- Rental-property owners look for reliable ways to scale up quickly and ensure steady cash flow.
- One way: buy a home, fix it up to rent out, then refinance to get cash and buy the next one.
- Two investors lay out the reasons they’re now shying away from that model, nicknamed BRRRR.
Jessica Davis Holland, an Austin, Texas real-estate investor, and her husband recently spent $225,000 on a three-bedroom, two-bathroom home in the growing suburb of Cedar Creek.
It was the fourth property in the last three years that the couple had purchased and renovated. Their initial goal, as with their previous projects, was to turn the house into a cash-flowing rental property, then use money they’d get after refinancing to purchase their next fixer-upper.
After all, the Austin market was booming. Home prices were increasing at what seemed like an exponential rate, which meant cash-out refinances were lucrative. Rents were also climbing, which meant the money coming in from tenants often exceeded the cost — including principal, interest, taxes, and insurance — of holding onto the home.
Except, this time, the numbers didn’t work out as Holland had originally planned. In addition to the purchase price, they spent roughly $65,000 on the renovations, $5,000 on property taxes, and another $22,500 on carrying the property — including closing costs and monthly mortgage payments — for a few months while the renovations wrapped.
With the $2,000 per month rent they could likely get, their monthly costs would exceed their income, so the couple decided that their best path forward was to sell the house after completing the renovations. The $354,000 they earned from the sale was more than what they put into the house in total, so they came out on top.
“We looked at long-term rent and we would have been in the hole a few hundred dollars per month based on interest rates and property taxes,” Holland told Insider. “We decided to flip it because we weren’t in a position to say, ‘I’m fine if I lay out $400 a month to carry this property.'”
Home rehabbers like Holland are quickly finding that the once-reliable method known as “BRRRR” — short for buy, rehab, rent, refinance, and repeat — has become much riskier as home prices in hot pandemic markets fizzle out and 30-year mortgage rates reach the 7% threshold.
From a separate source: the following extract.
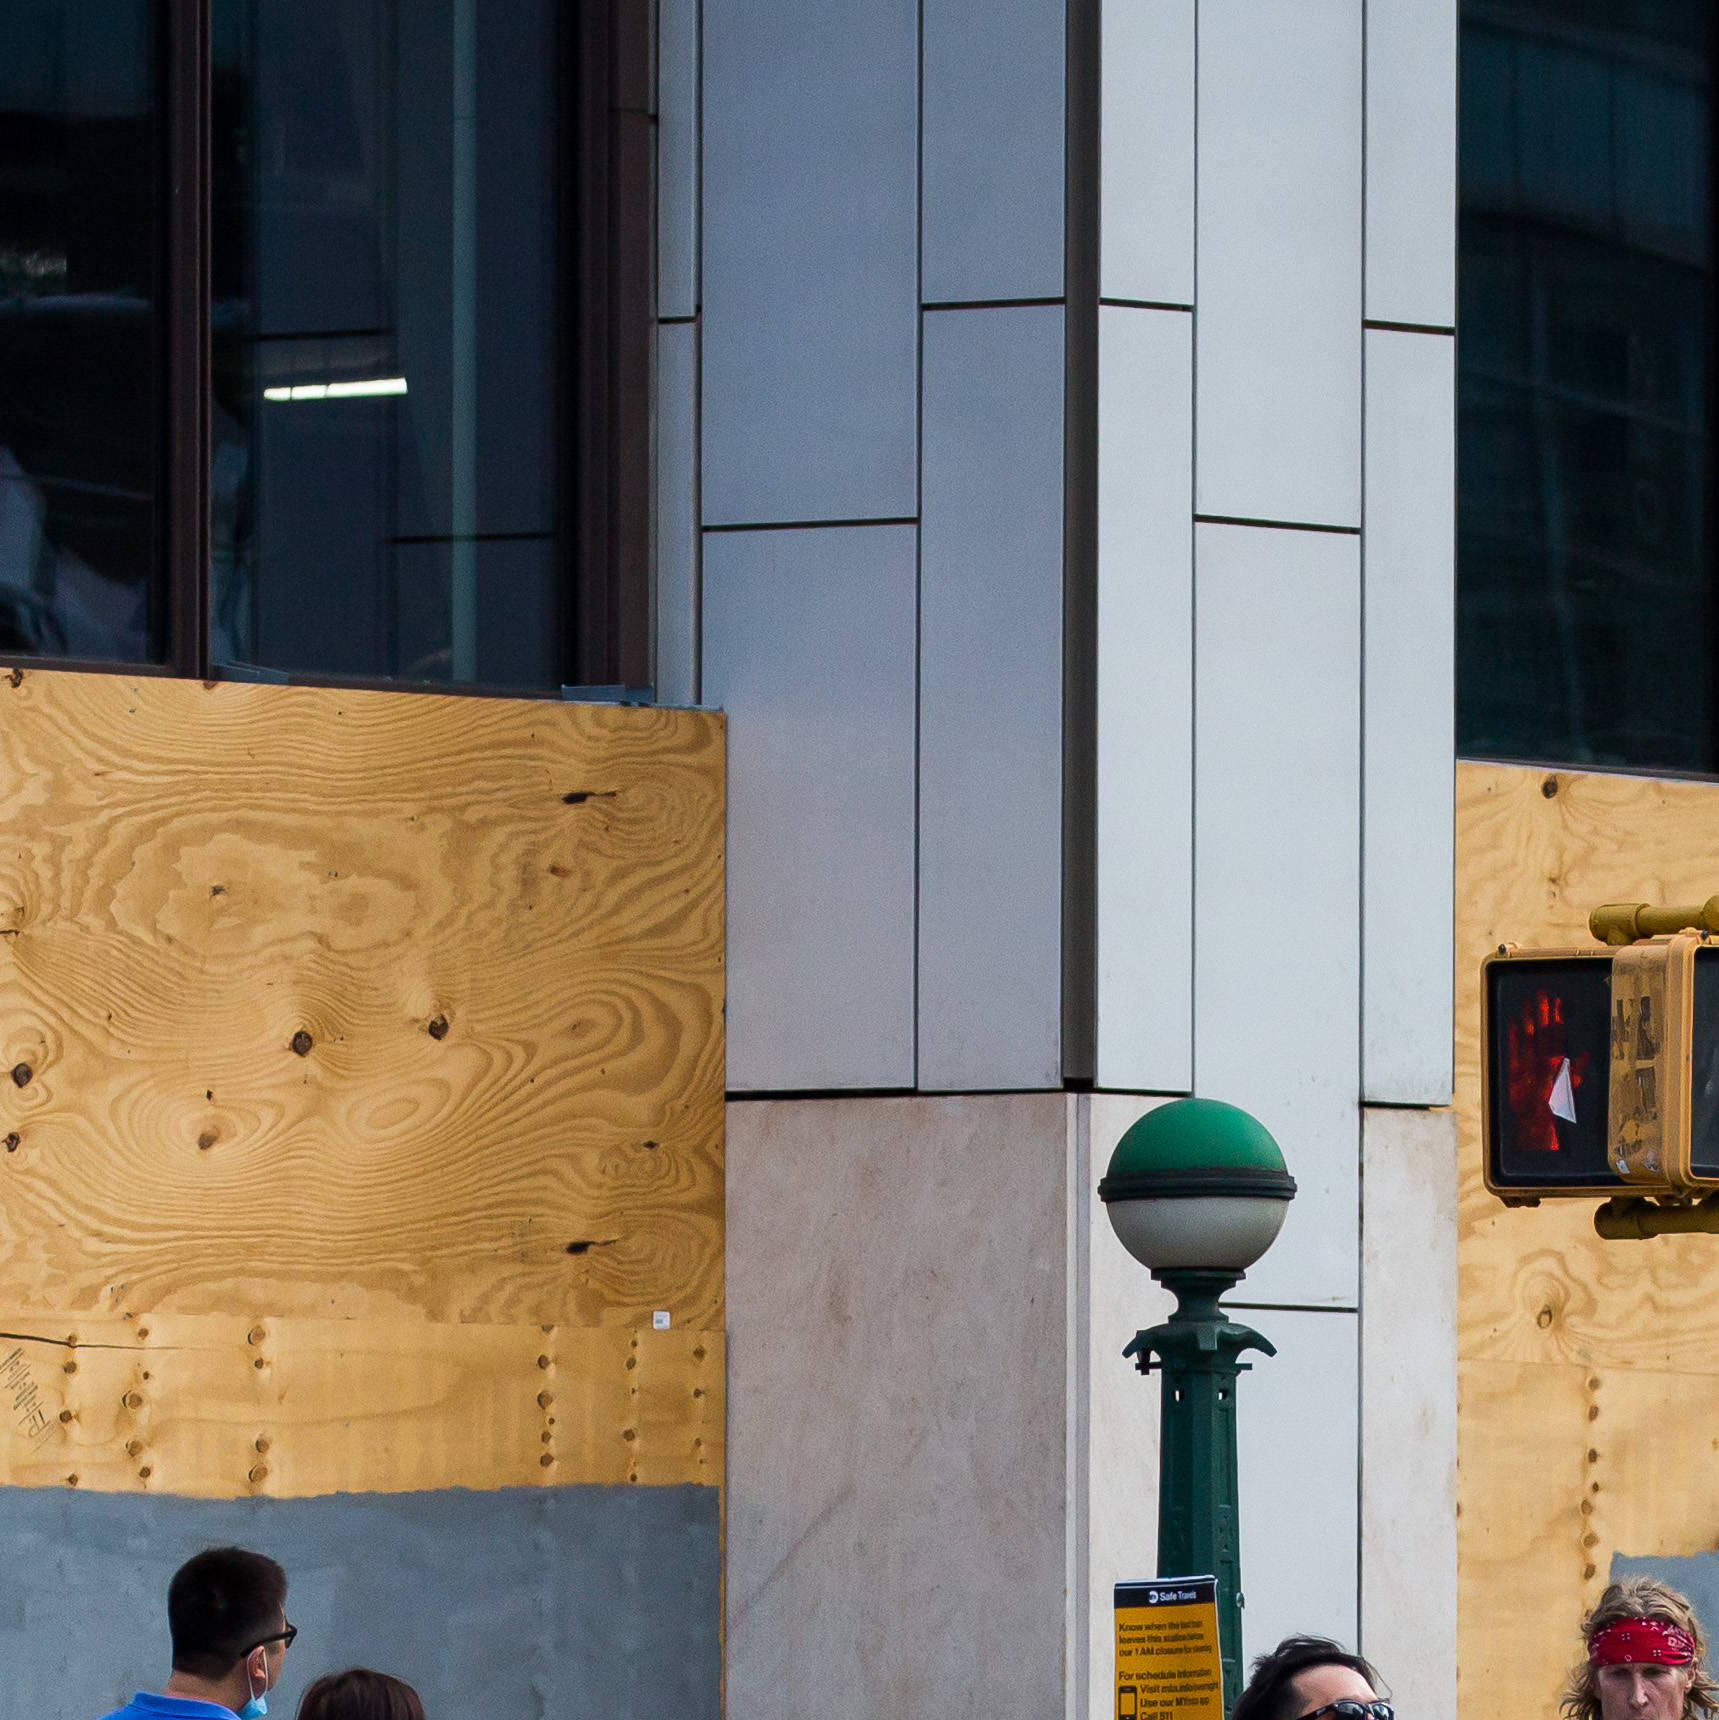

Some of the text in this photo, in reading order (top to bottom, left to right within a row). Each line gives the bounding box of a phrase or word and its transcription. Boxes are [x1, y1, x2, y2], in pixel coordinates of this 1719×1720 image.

While mom-and-pop landlords have practiced the BRRRR strategy for decades, it became even more popular in the years leading up to the pandemic as investor influencers on social media and podcasts with large online forums, including BiggerPockets, extolled its virtues. And then, when interest rates fell and rents skyrocketed between 2020 and 2022, rehabbers across the country embraced the strategy even more enthusiastically, believing it was a surefire way of adding new properties to their portfolios and making more money.
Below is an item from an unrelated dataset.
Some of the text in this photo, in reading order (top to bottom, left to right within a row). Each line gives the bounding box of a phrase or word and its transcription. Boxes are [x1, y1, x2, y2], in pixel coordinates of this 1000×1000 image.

But a perfect storm of softening home prices, increasing taxes, higher mortgage rates, and steep building-material costs has made the BRRRR model less attractive to investors. And Austin is particularly vulnerable, as home prices have fallen drastically since last summer, when they peaked.
The BRRRR method has become more challenging
John Crenshaw, a 27-year-old Austin investor who owns several rentals acquired via the BRRRR method, said that using it has become more challenging for him and his fellow investors since mortgage rates increased.
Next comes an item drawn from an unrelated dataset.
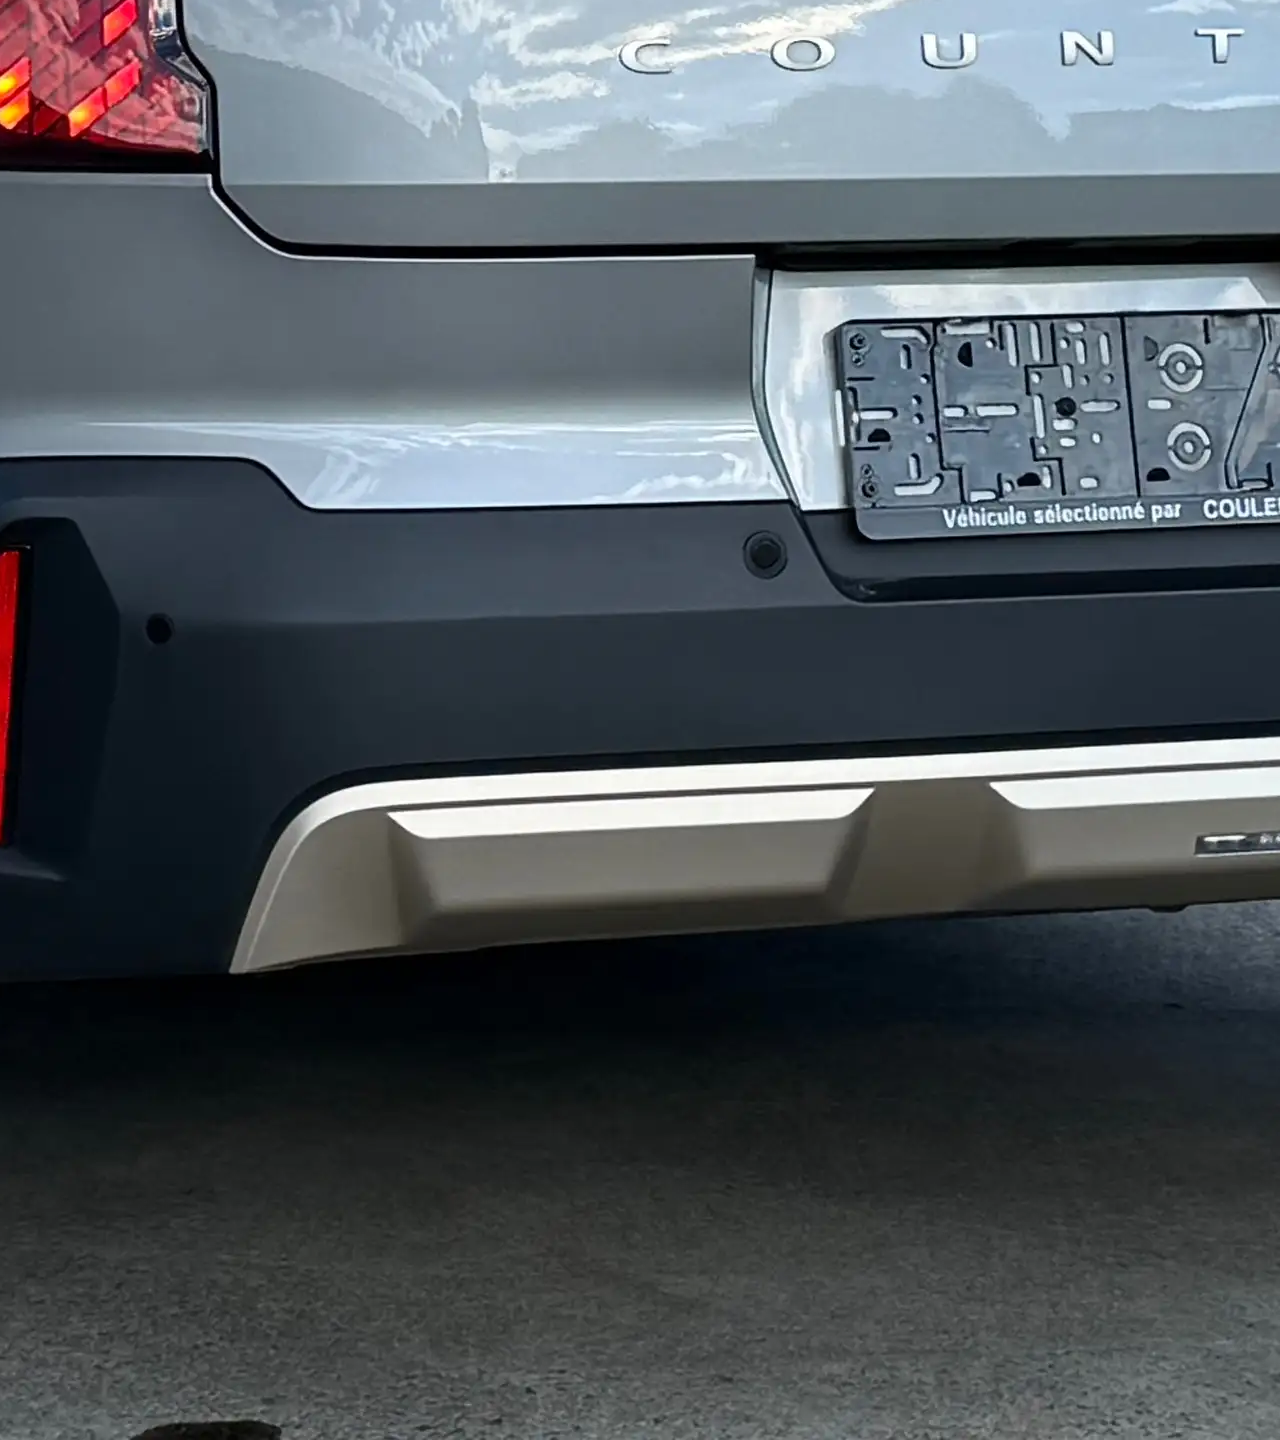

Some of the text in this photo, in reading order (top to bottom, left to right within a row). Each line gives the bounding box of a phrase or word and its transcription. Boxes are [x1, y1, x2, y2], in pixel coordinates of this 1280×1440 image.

Not only are homes selling and appraising for less than they were six months ago, which dampens the size of cash-out refinances, but lenders have become more risk-averse.
“Instead of doing an 80% cash-out, a lot of people are only doing 75% or 70% cash-out, so you’ll only get 70% of your loan value back and the remaining 30% has to remain in the property,” Crenshaw told Insider.
While a 5% or 10% difference may not seem like much on paper, it is more than enough to change the equation for most investors, Crenshaw said. After a 70% cash-out on a house that the lender said is worth $300,000, the borrower would get $210,000 — or about $30,000 less than they’d get in a 80% cash-out. And borrowers who refinanced a house two years ago would have gotten a 30-year mortgage right around 3%, Freddie Mac data shows. Today, they’d get a rate of around 6.65%, which could increase monthly mortgage payments on a $300,000 house by nearly $500 a month.
What landlords can do instead of BRRRR
And because it’s impossible to just raise rents to whatever covers their costs, landlords are looking to expand their options — and ideally, portfolios — when they have to pivot.
When the BRRRR numbers don’t work, Holland said, there are a few strategies investors could consider instead.
“What are your exit strategies?” she asked. “Can you hold it? And if you can hold it, are you going to long-term rent it or short-term rent it, or are you going to flip it?”
While Holland and her husband ended up selling the Cedar Creek property, she said that they did explore all of their options, including using the property as a short-term rental on Airbnb. But even that strategy has its own competitive advantages and disadvantages, she said, such as seasonality and uncertain income.
In their case, when the cost of the renovation and high mortgage rates dovetailed, the best option was simply to sell the property to someone who wanted a nicely rehabbed home — and move on to the next one.